You see, drug addiction doesn’t just affect the user, it affects their children, spouses, parents, grand parents; it affects their friends and friends of friends; it affects daycare workers, social workers; it affects the environment, economy, community. Ripples of brokenness.
In a broader sense, any kind of sin doesn’t just affect the user, it affects their children, spouses, parents, grand parents; it affects their friends and friends of their friends; it affects workers and employees; it affects the environment, economy, community.
Imagine Jesus, Son of God, dropped onto this selfish, dangerous planet. On one hand he is intimate with the world, creator of its goodness, lover of it all, but on the other hand it is broken and abused. For Jesus to know how much goodness and joy was available and yet to live within its sadness and selfishness would have been unthinkably difficult.
So what did he do about it?

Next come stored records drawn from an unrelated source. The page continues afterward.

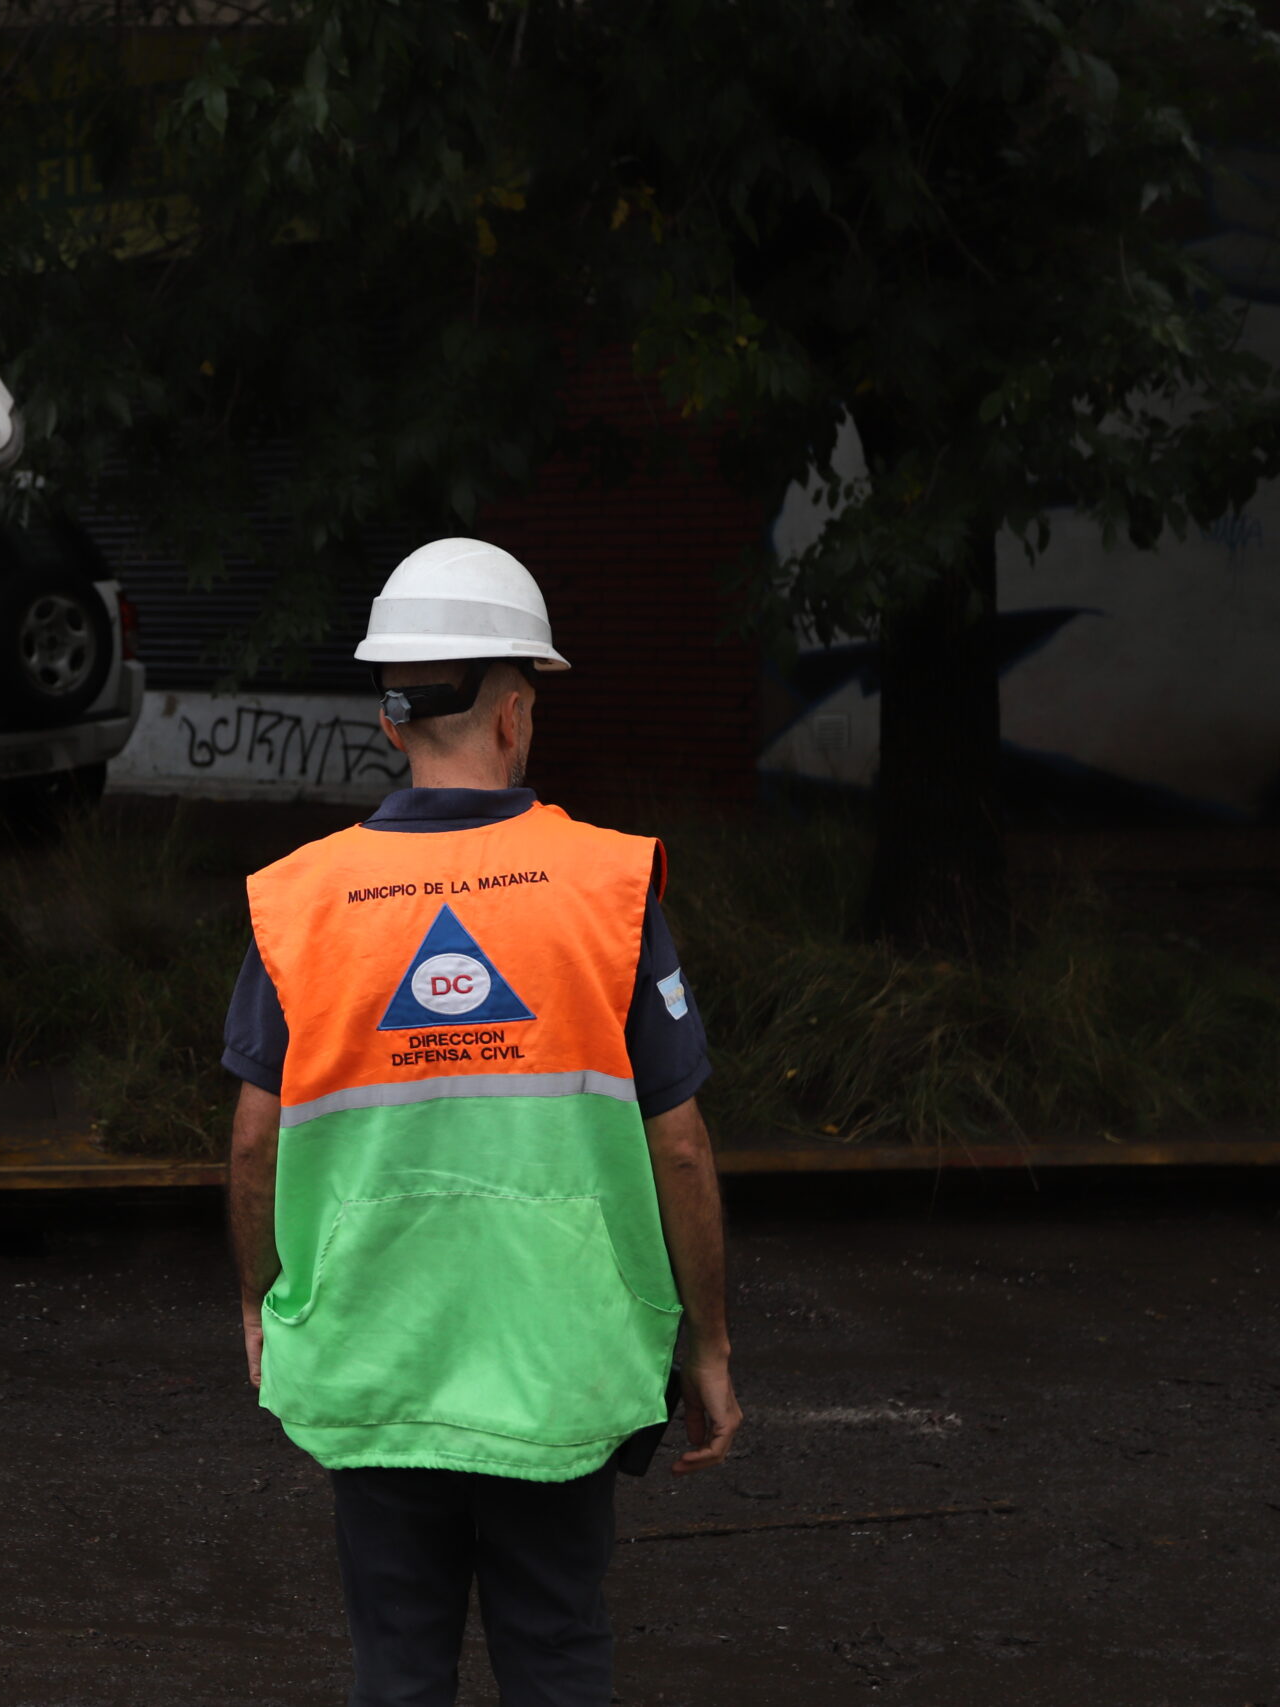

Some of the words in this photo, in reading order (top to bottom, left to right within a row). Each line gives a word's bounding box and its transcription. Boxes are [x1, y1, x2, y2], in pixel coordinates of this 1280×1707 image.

[348, 883, 417, 904] MUNICIPIO
[423, 882, 444, 895] DE
[451, 880, 471, 894] LA
[478, 870, 549, 891] MATANZA
[430, 974, 474, 996] DC
[408, 1030, 505, 1049] DIRECCION
[391, 1047, 472, 1067] DEFENSA
[480, 1045, 525, 1061] CIVIL

He went around, doing good and teaching people the truth about God.
Imagine yourself, dropped into a high-density urban housing complex filled with violence, poverty and addiction, where normal life is so different from what you know. Imagine you have to find a way to spend your life there. Not a good feeling, right?
But here’s the thing: you have been. Just like Jesus, you’ve been dropped into the middle of a dangerous, sad, hopeless world.

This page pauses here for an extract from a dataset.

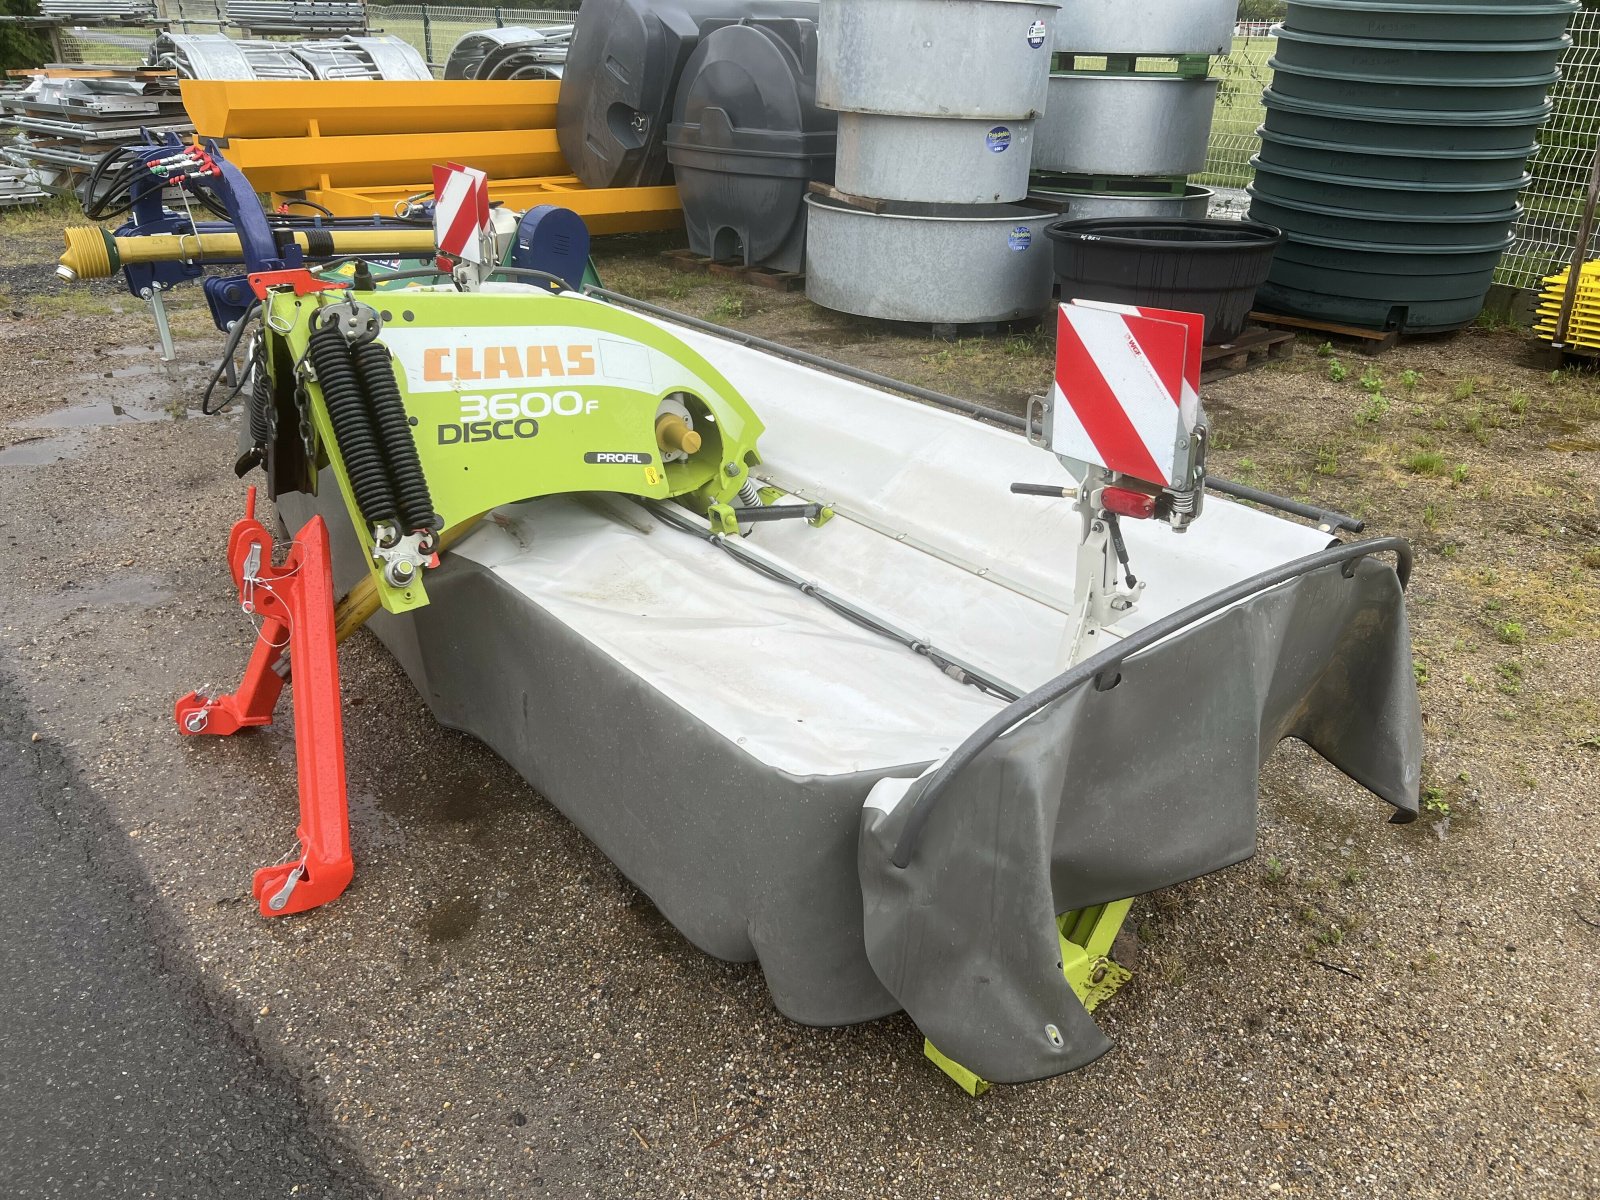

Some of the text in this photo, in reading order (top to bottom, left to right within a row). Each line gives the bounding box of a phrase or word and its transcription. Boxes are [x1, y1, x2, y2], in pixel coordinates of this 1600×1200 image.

[423, 345, 595, 381] CLAAS
[438, 419, 539, 445] DISCO
[597, 453, 641, 463] PROFIL

Just like the West Virginia day care workers, the only way to make goodness happen is to stand up in the middle of it and replace it with grace and peace. Ripples of Jesus.
I’m not saying we remain silent or accept it or become part of it; I’m saying we overcome it by acting in spite of it.

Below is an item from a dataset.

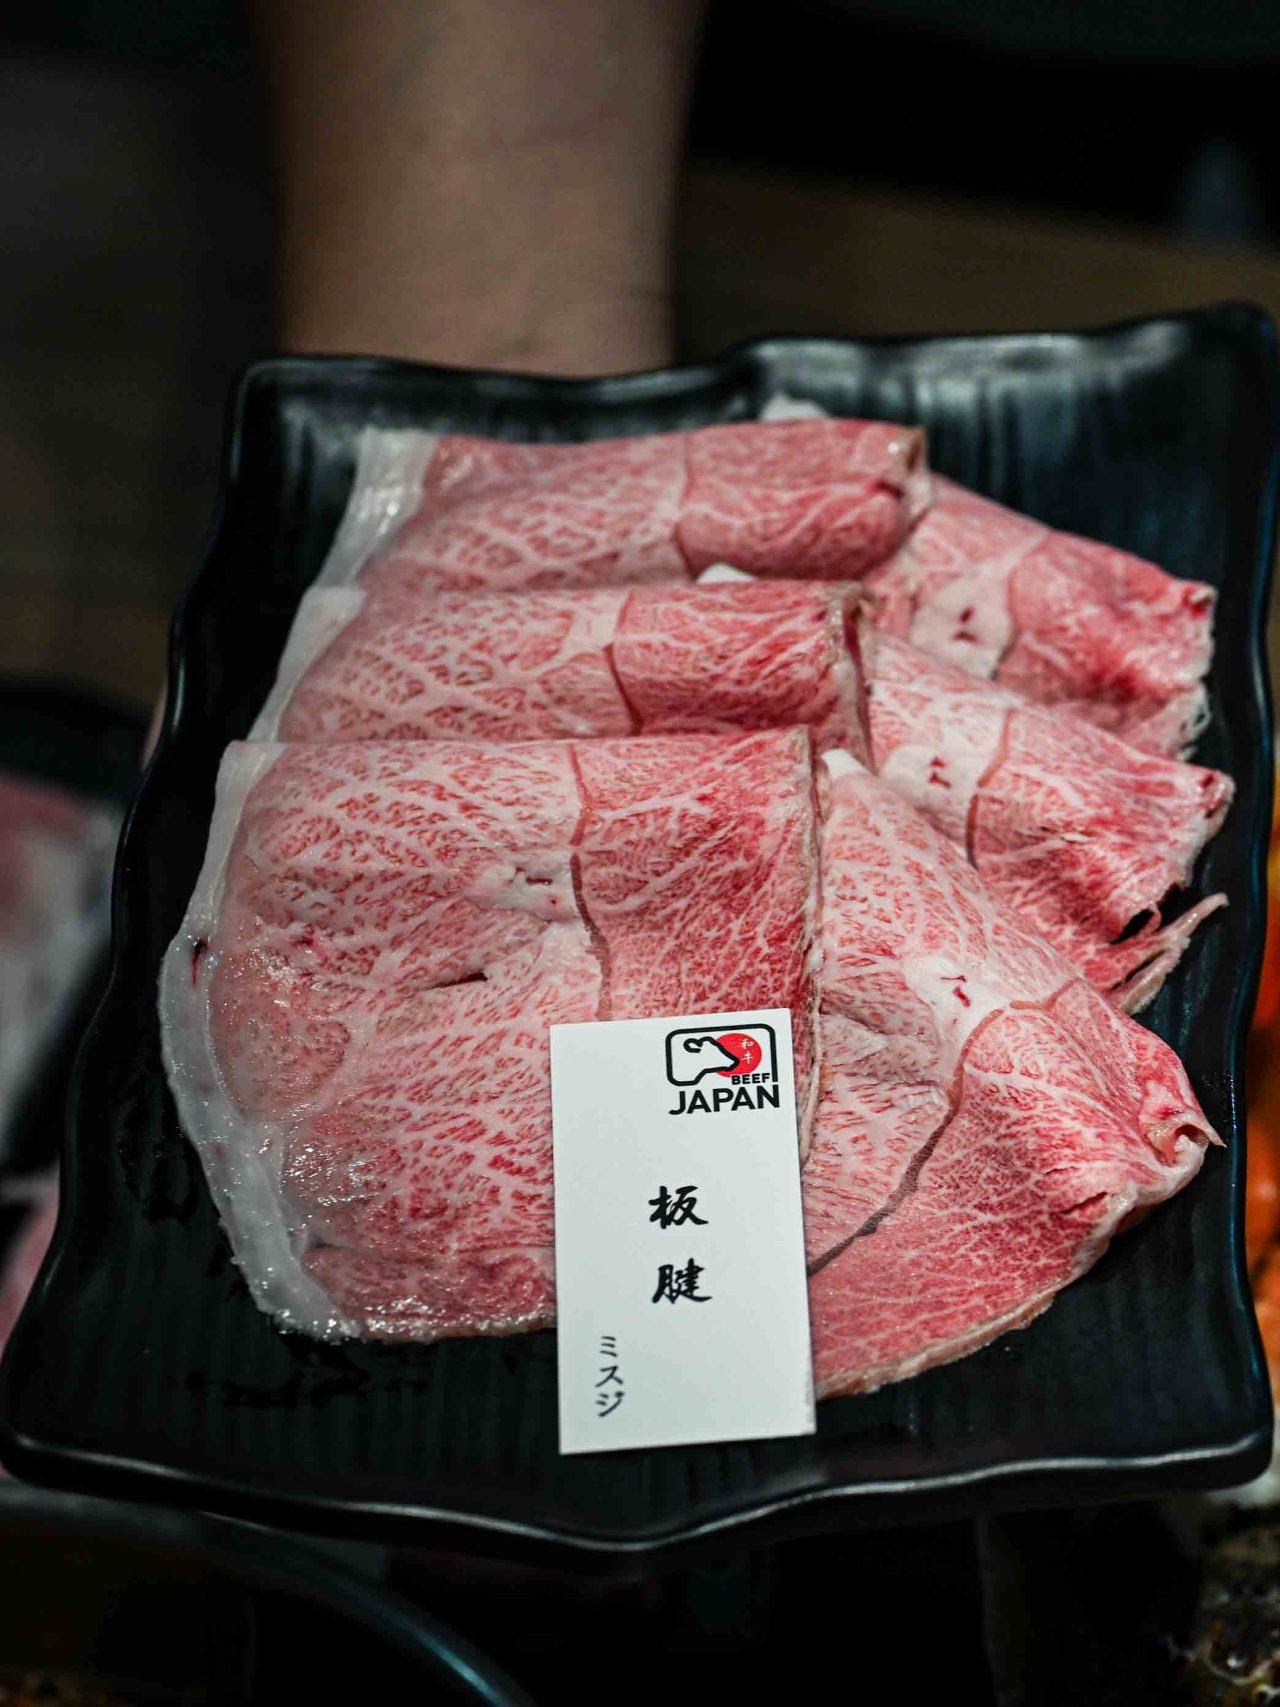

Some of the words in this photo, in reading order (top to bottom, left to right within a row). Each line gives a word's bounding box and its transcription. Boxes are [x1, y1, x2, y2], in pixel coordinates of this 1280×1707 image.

Does that sound too big for you? From the Lectionary readings, here’s what happened to the great prophet Jeremiah when he was challenged to make ripples:
The Lord gave me this message:
“I knew you before I formed you in your mother’s womb.
Before you were born I set you apart
and appointed you as my prophet to the nations.”
“O Sovereign Lord,” I said, “I can’t speak for you! I’m too young!”
The Lord replied, “Don’t say, ‘I’m too young,’ for you must go wherever I send you and say whatever I tell you. And don’t be afraid of the people, for I will be with you and will protect you. I, the Lord, have spoken!” Then the Lord reached out and touched my mouth and said,
“Look, I have put my words in your mouth!
Today I appoint you to stand up
against nations and kingdoms.
Some you must uproot and tear down,
destroy and overthrow
and plant.” – .Jeremiah 4:1-10 (NLT)
Is there sin, darkness, brokenness around you? You were chosen to make a difference.
Stand up and tear down. Uproot and replant. Right in the middle of it all, God will put his words into your mouth.
Another Lectionary reading from Isaiah confirms this to be God’s wish for us:
Then when you call, the Lord will answer.
‘Yes, I am here,’ he will quickly reply.
“Remove the heavy yoke of oppression.
Stop pointing your finger and spreading vicious rumors!
Feed the hungry,
and help those in trouble.
Then your light will shine out from the darkness,
and the darkness around you will be as bright as noon.
The Lord will guide you continually,
giving you water when you are dry
and restoring your strength.
You will be like a well-watered garden,
like an ever-flowing spring.
Some of you will rebuild the deserted ruins of your cities.
Then you will be known as a rebuilder of walls
and a restorer of homes.
“Keep the Sabbath day holy.
Don’t pursue your own interests on that day,
but enjoy the Sabbath
and speak of it with delight as the Lord’s holy day.
Honor the Sabbath in everything you do on that day,
and don’t follow your own desires or talk idly.
Then the Lord will be your delight.
I will give you great honor
and satisfy you with the inheritance I promised to your ancestor Jacob.
I, the Lord, have spoken!” – Isaiah 58:9-14 (NLT)
We don’t have to make waves to make a difference, we just have to stand in our place and make ripples. Rebuild and re-water and restore. Make ripples where you are.
If God’s people will stand together, the ripples will cover the world.